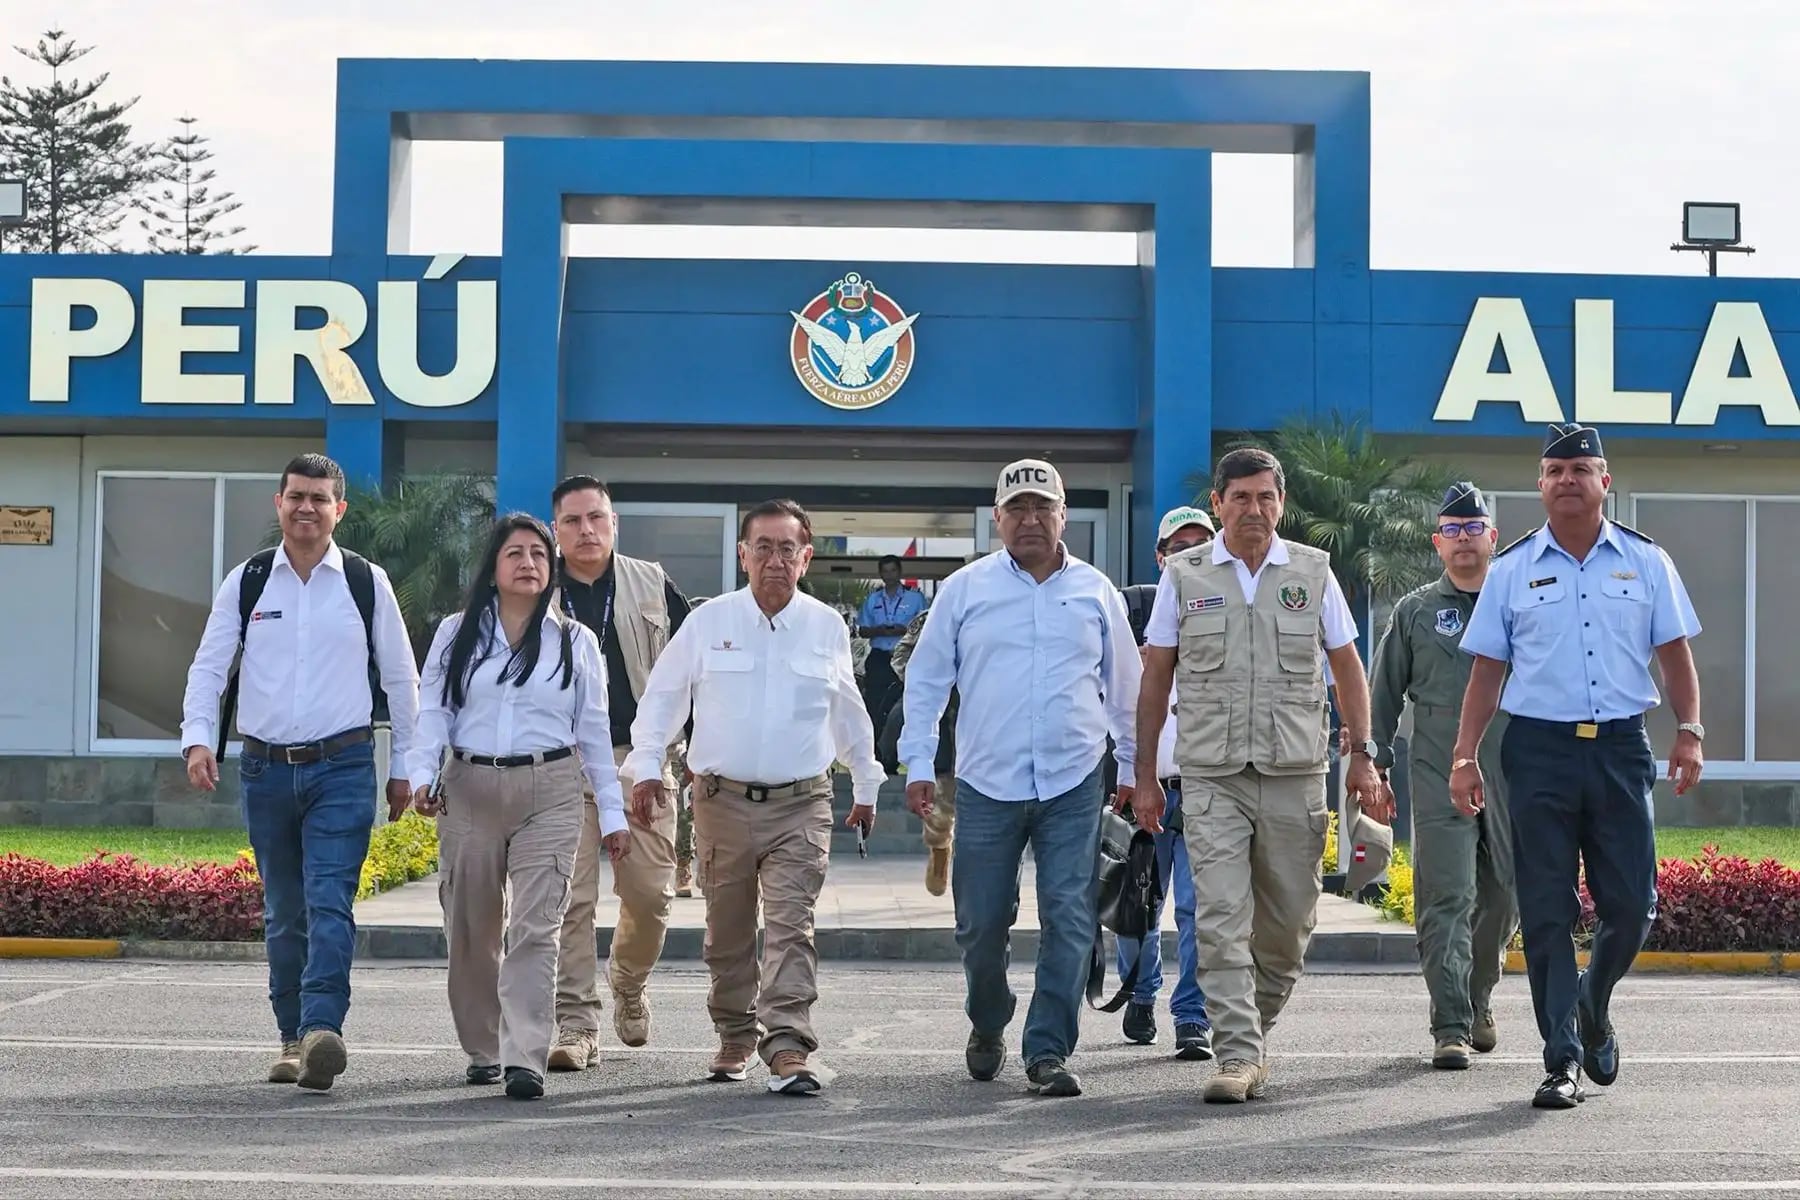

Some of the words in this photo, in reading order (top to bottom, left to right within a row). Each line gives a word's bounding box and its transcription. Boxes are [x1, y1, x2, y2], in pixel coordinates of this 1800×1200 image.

[29, 253, 498, 408] PERÚ
[1432, 297, 1800, 426] ALA
[798, 357, 828, 396] FUERZA
[828, 389, 866, 403] AÉREA
[867, 386, 889, 400] DEL
[886, 359, 907, 387] PERÚ
[1005, 467, 1048, 488] MTC

--

When you repeat the records, reproduce each line exactly and drop the images.

Some of the words in this photo, in reading order (top to bottom, left to right within a row). Each line gives a word's bounding box and its transcription. Boxes are [x1, y1, x2, y2], in pixel coordinates of this 1800×1200 image.

[29, 253, 498, 408] PERÚ
[1432, 297, 1800, 426] ALA
[798, 357, 828, 396] FUERZA
[828, 389, 866, 403] AÉREA
[867, 386, 889, 400] DEL
[886, 359, 907, 387] PERÚ
[1005, 467, 1048, 488] MTC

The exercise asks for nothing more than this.